#### [Collected data]
┏━━

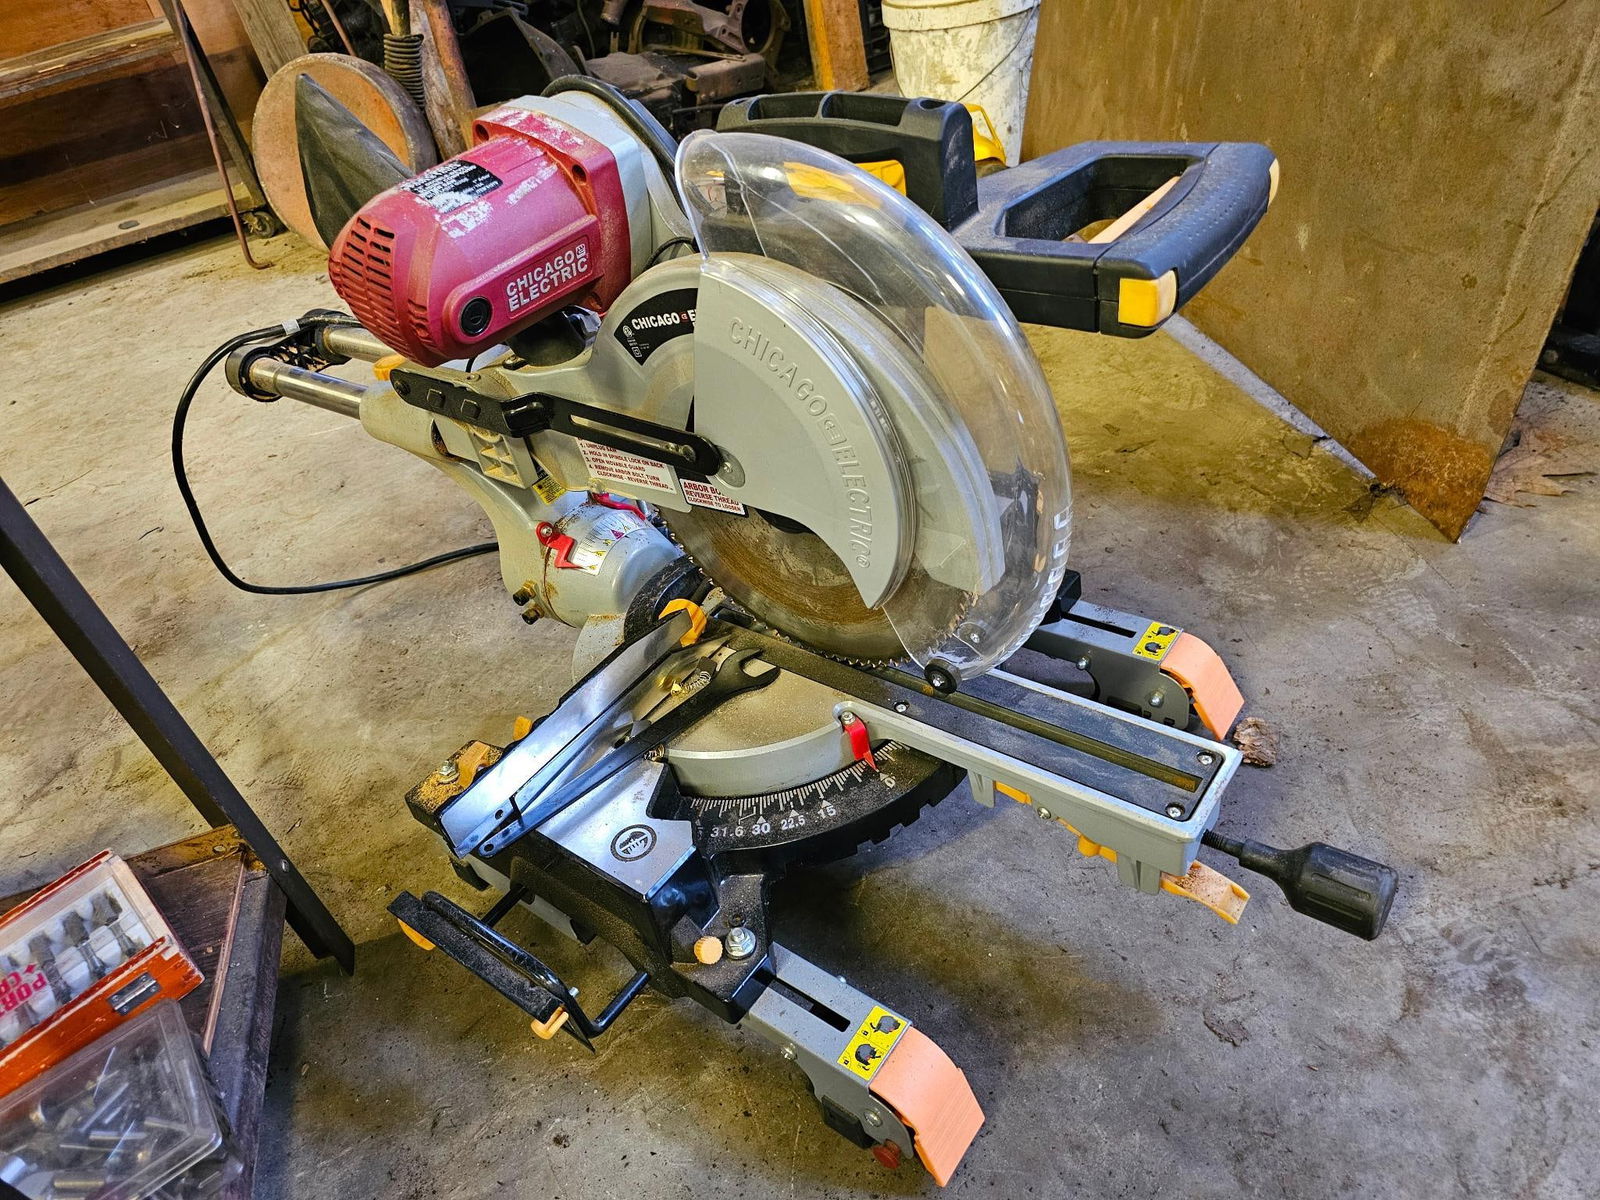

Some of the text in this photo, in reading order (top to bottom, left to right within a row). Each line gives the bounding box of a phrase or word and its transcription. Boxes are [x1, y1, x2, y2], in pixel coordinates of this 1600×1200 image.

[506, 250, 575, 298] CHICAGO
[508, 258, 588, 312] ELECTRIC
[631, 312, 680, 330] CHICAGO
[729, 316, 828, 417] CHICAGO
[605, 460, 628, 468] MOVABLE
[628, 462, 645, 471] GUARD
[608, 453, 628, 461] SPINDLE
[628, 456, 641, 464] LOCK
[594, 464, 614, 472] REMOVE
[645, 474, 660, 482] TURN
[596, 471, 624, 480] CLOCKWISE
[627, 476, 649, 485] REVERSE
[649, 480, 669, 489] THREAD
[683, 481, 710, 494] ARBOR
[685, 489, 713, 501] REVERSE
[687, 496, 713, 507] CLOCKWISE
[721, 503, 742, 512] LOOSEN
[817, 806, 837, 819] 15
[752, 822, 771, 836] 30
[781, 815, 806, 831] 22.5
[710, 826, 744, 838] 31.6
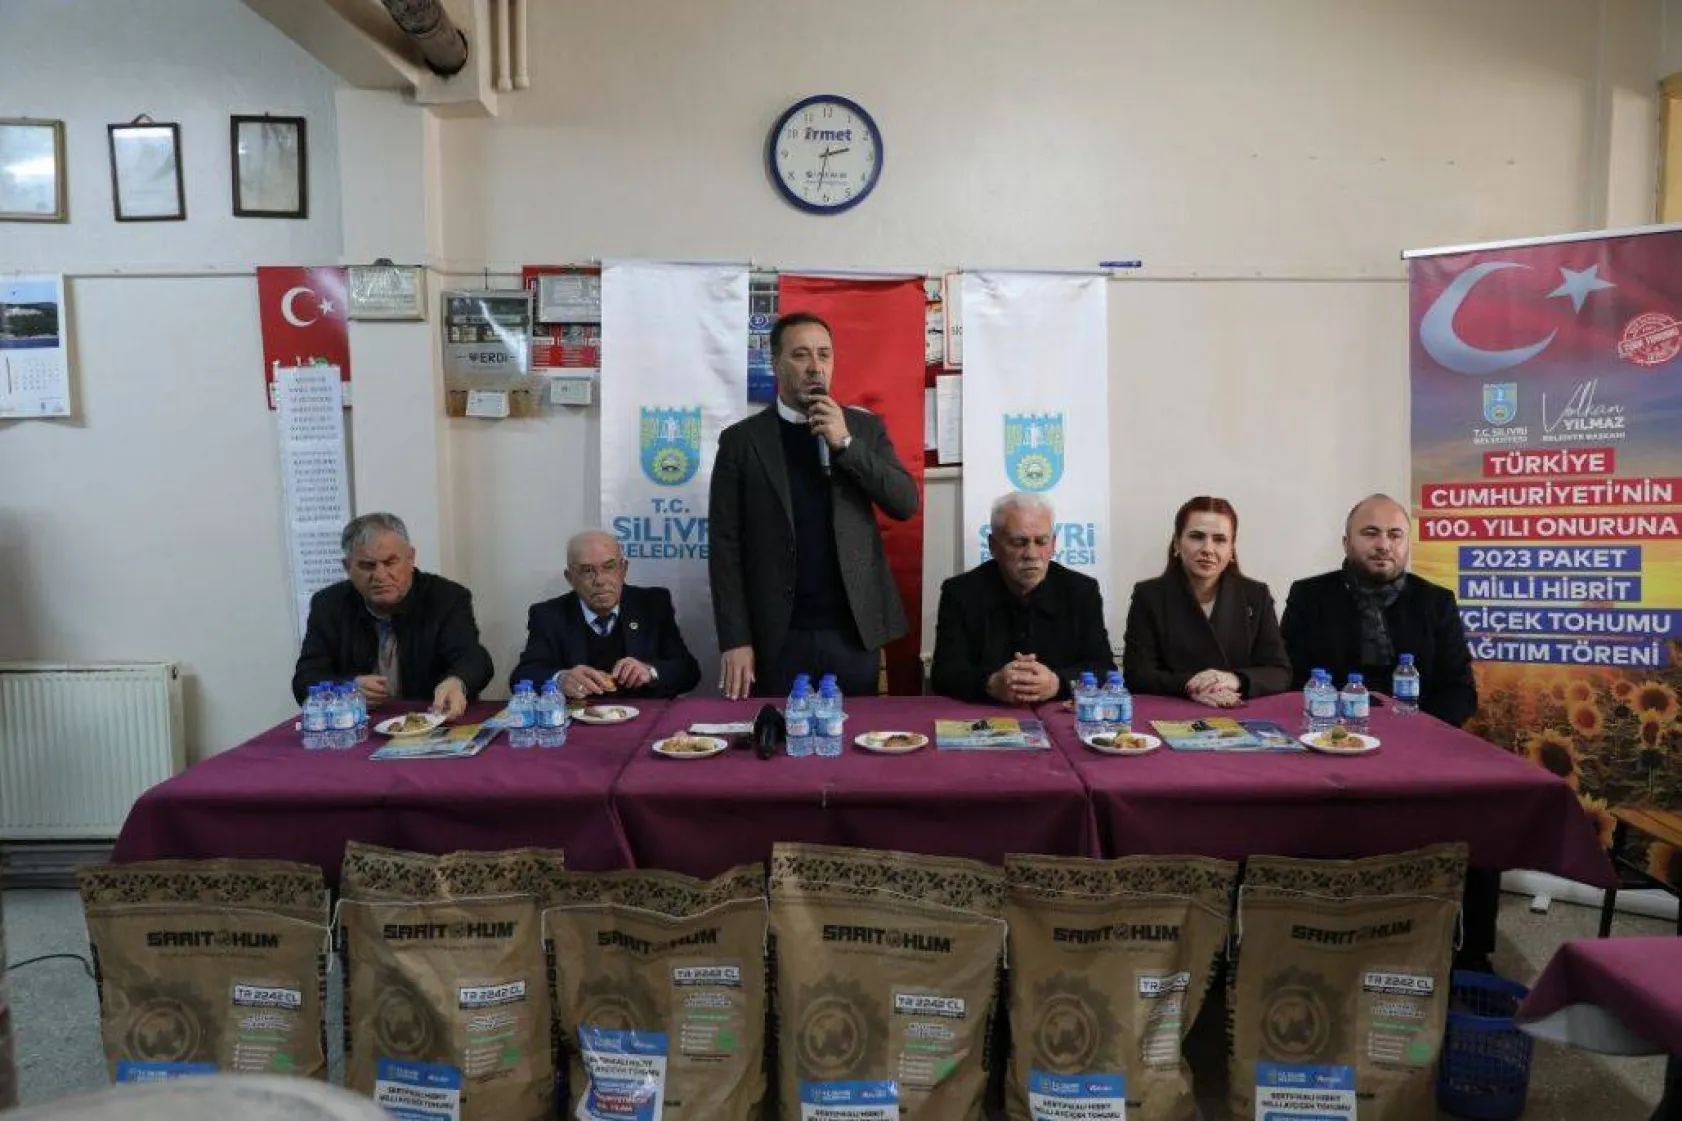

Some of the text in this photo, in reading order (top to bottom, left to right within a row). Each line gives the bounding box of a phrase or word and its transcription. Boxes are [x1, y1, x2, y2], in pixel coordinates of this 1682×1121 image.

[1563, 417, 1625, 431] YILMAZ
[1491, 449, 1605, 474] TÜRKİYE
[1430, 478, 1673, 507] CUMHURİYETİ'NİN
[652, 499, 690, 514] T.C.
[1426, 515, 1678, 537] 100. YILI ONURUNA
[1472, 548, 1628, 568] 2023 PAKET
[1468, 575, 1631, 601] MİLLİ HİBRİT
[1460, 606, 1671, 634] ÇİÇEK TOHUMU
[1562, 640, 1659, 666] TÖRENİ
[1143, 980, 1159, 992] TR
[1417, 979, 1431, 989] CL
[947, 999, 962, 1010] CL

┗━━

#### [Instructions to follow]
An exact copy is needed of the closing lines of the entries above, counting from the one that contains "this 1682×1121 image." and including it and the last.

#### [Exercise solution]
Some of the text in this photo, in reading order (top to bottom, left to right within a row). Each line gives the bounding box of a phrase or word and its transcription. Boxes are [x1, y1, x2, y2], in pixel coordinates of this 1682×1121 image.

[1563, 417, 1625, 431] YILMAZ
[1491, 449, 1605, 474] TÜRKİYE
[1430, 478, 1673, 507] CUMHURİYETİ'NİN
[652, 499, 690, 514] T.C.
[1426, 515, 1678, 537] 100. YILI ONURUNA
[1472, 548, 1628, 568] 2023 PAKET
[1468, 575, 1631, 601] MİLLİ HİBRİT
[1460, 606, 1671, 634] ÇİÇEK TOHUMU
[1562, 640, 1659, 666] TÖRENİ
[1143, 980, 1159, 992] TR
[1417, 979, 1431, 989] CL
[947, 999, 962, 1010] CL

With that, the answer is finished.